Are we talking about a search that has filters like (to use ecommerce as an example), brand, price range, color, etc. And then all these combinations make up a URL (hence bilions)? How does a crawler discover these? They are just designed to detect all these filters and try all combinations? That doesn't really jive with my understanding with crawlers but otherwise IDK how it would be generating billions of unique URLs. I guess maybe they could also be included in sitemaps but I doubt that.
In the past, we've used this behavior as a signal to identify block bad bots. These days, they will try again from 2000 separate residential IPs before they give up. But there was a long time where egregious duplicate page views of these faceted pages (against the advice of robots.txt) made detecting certain bad bots much easier.
But that doesn't mean that there aren't bad players, that ignore the robots.txt, give random user agent strings, or connects from IPs from all the world to avoid being blocked.

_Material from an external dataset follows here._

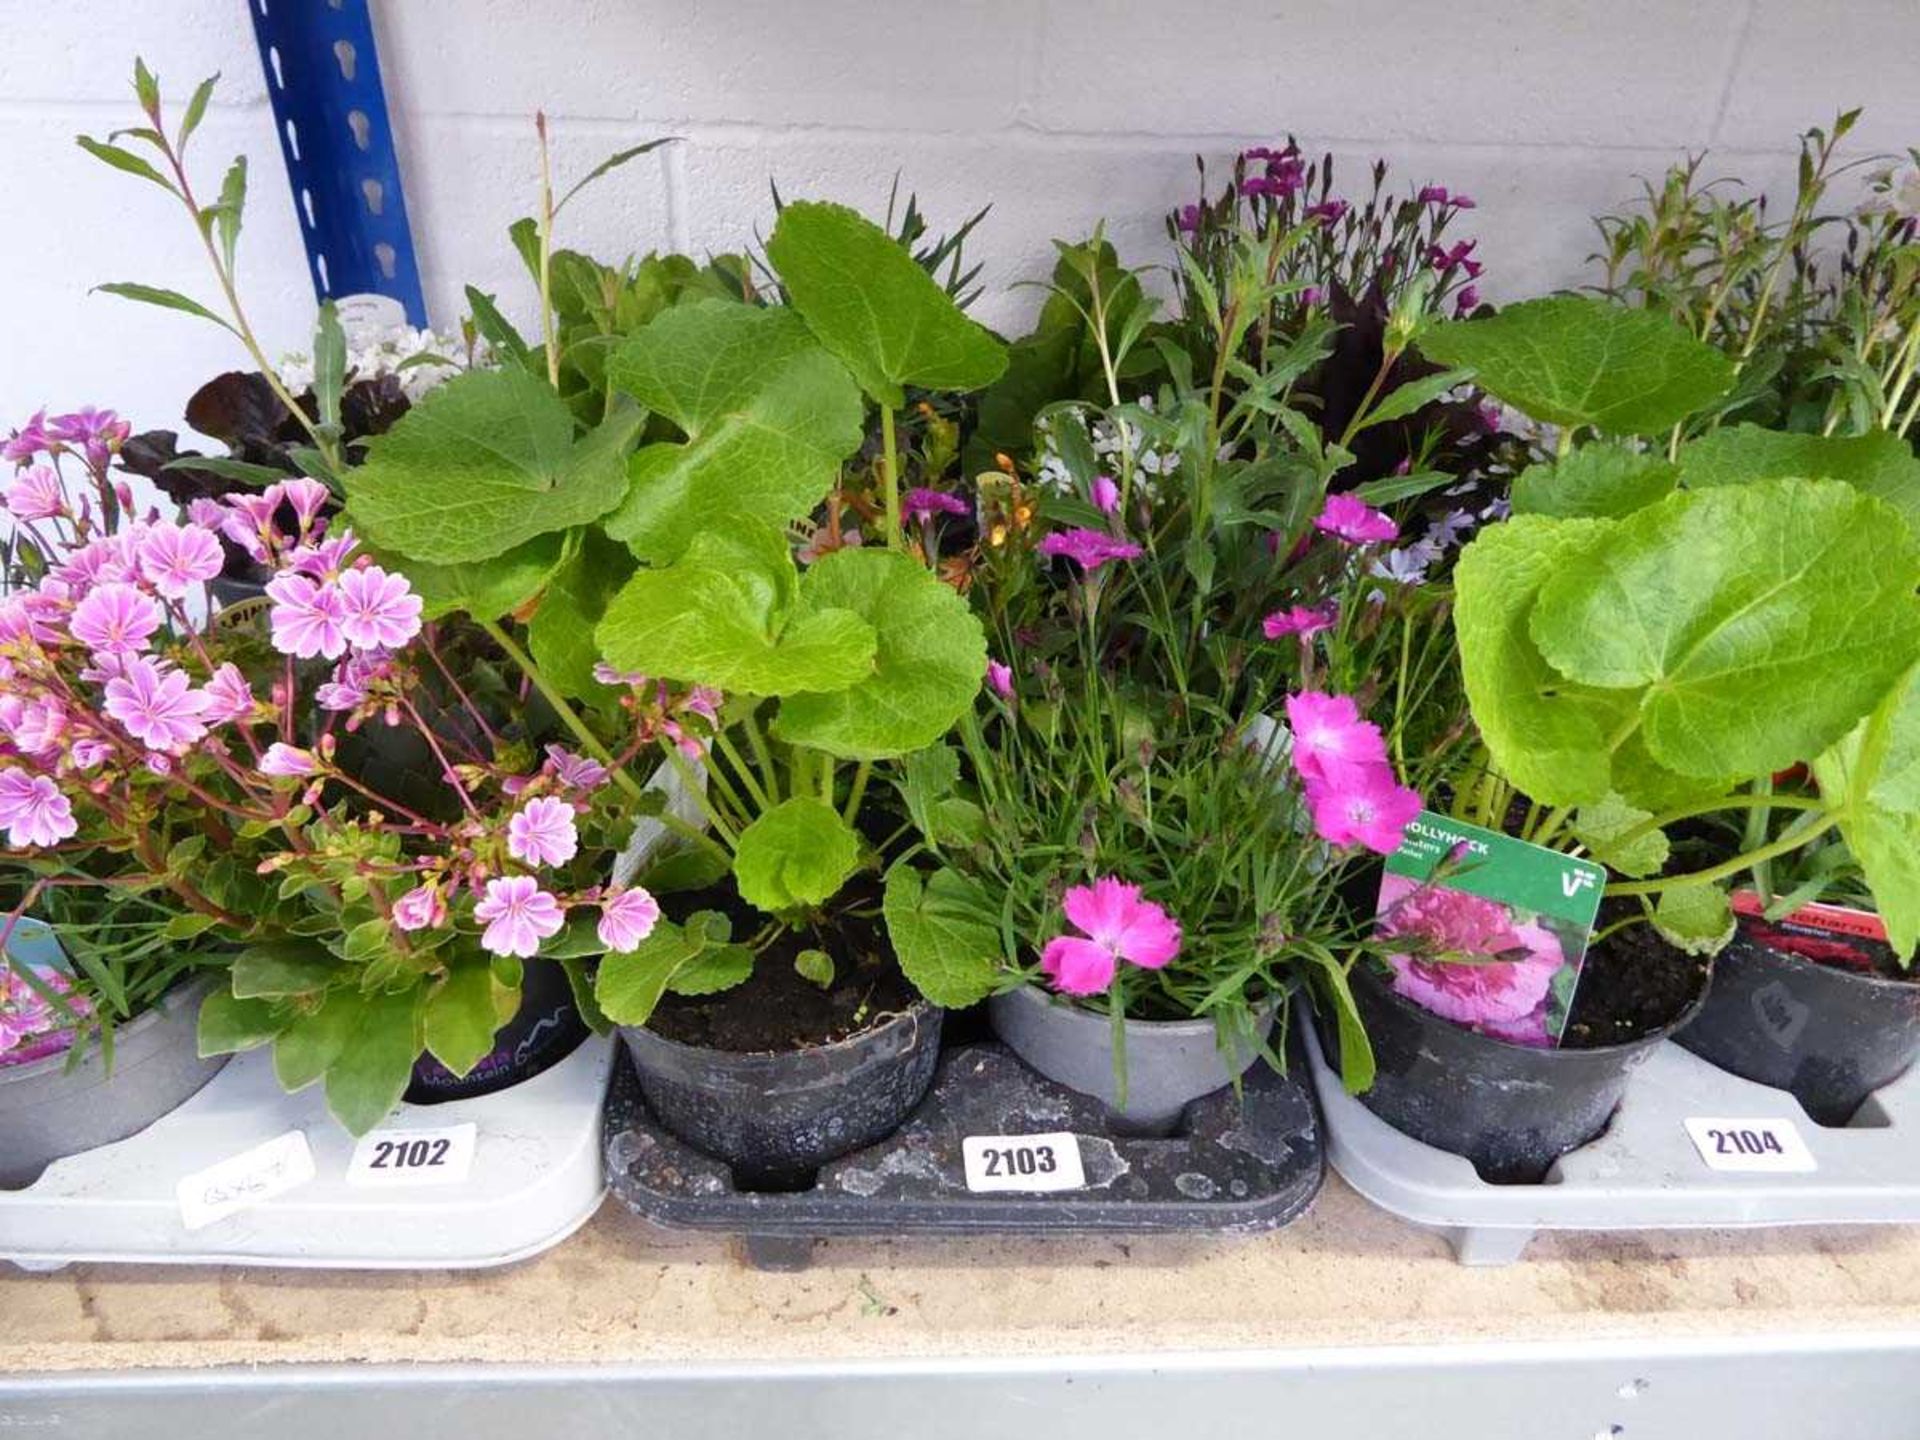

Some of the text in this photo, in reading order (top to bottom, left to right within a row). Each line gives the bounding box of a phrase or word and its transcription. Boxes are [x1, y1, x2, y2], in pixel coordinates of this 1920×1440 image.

LLMs has changed a bit the landscape, mostly because far more players want to get everything or have automated tools to search your information on specific requests. But that doesn't rule out that still exist well-behaved players.
See https://news.ycombinator.com/item?id=43476337 for a random example of a discussion about this.
My personal position is that robots.txt is useless when faced with companies who have no sense of shame about abusing the resources of others. And if it is useless, there isn't much of a point in having it. Just make sure that nothing public facing is going to be too expensive for your server. But that's like saying that the solution to thieves is to not carry money around. Yes, it is a reasonable precaution. But it doesn't leave me feeling any better about the thieves.
To me, robots.txt is a friendly way to say, "Hey bots, this is what I allow. Stay in these lanes including crawl-delay and I won't block you." Step outside and I can put you on an exercise wheel. I know very few support crawl-delay but that is not my problem. Blocking bots or making them waste a lot of cycles or get dummy data or wildly reordering packets or adding random packet loss or slowing them to 2KB/s is more fun for me than playing Doom.
[1] - https://www.youtube.com/watch?v=B4zwh26kP8o [video][2 mins]
Counter-point: I have a blog I don't want to appear on search engines because it has private stuff on it. 25 years ago I added two lines to robots.txt file, and I've never seen it show up on any search engine ever since.
I'm not pretending nobody has indexed my blog and kept a copy of the results. I'm just saying the blog I started in college doesn't show up when you search for my name on Google, which is all I care about.
rafram•2h ago
xp84•1h ago
1. You (bot) are wasting your bandwidth, CPU, storage on a literally unbounded set of pages
2. This may or may not cause resource problems for the owner of the site (e.g. Suppose they use Algolia to power search and you search for 10,000,000 different search terms... and Algolia charges them by volume of searches.)
The author of this angry rant really seems specifically ticked at some perceived 'bad actor' who is using robots.txt as an attempt to "block people from getting at stuff" but it's super misguided in that it ignores an entire purpose of robots.txt that is not even necessarily adversarial to the "robot."
This whole thing could have been a single sentence: "Robots.txt has a few competing vague interpretations and is voluntary; not all bots obey it, so if you're fully relying on it to prevent a site from being archived, that won't work."
paulddraper•1h ago
That has been one of the biggest uses -- improve SEO by preventing web crawlers from getting lost/confused in a maze of irrelevant content.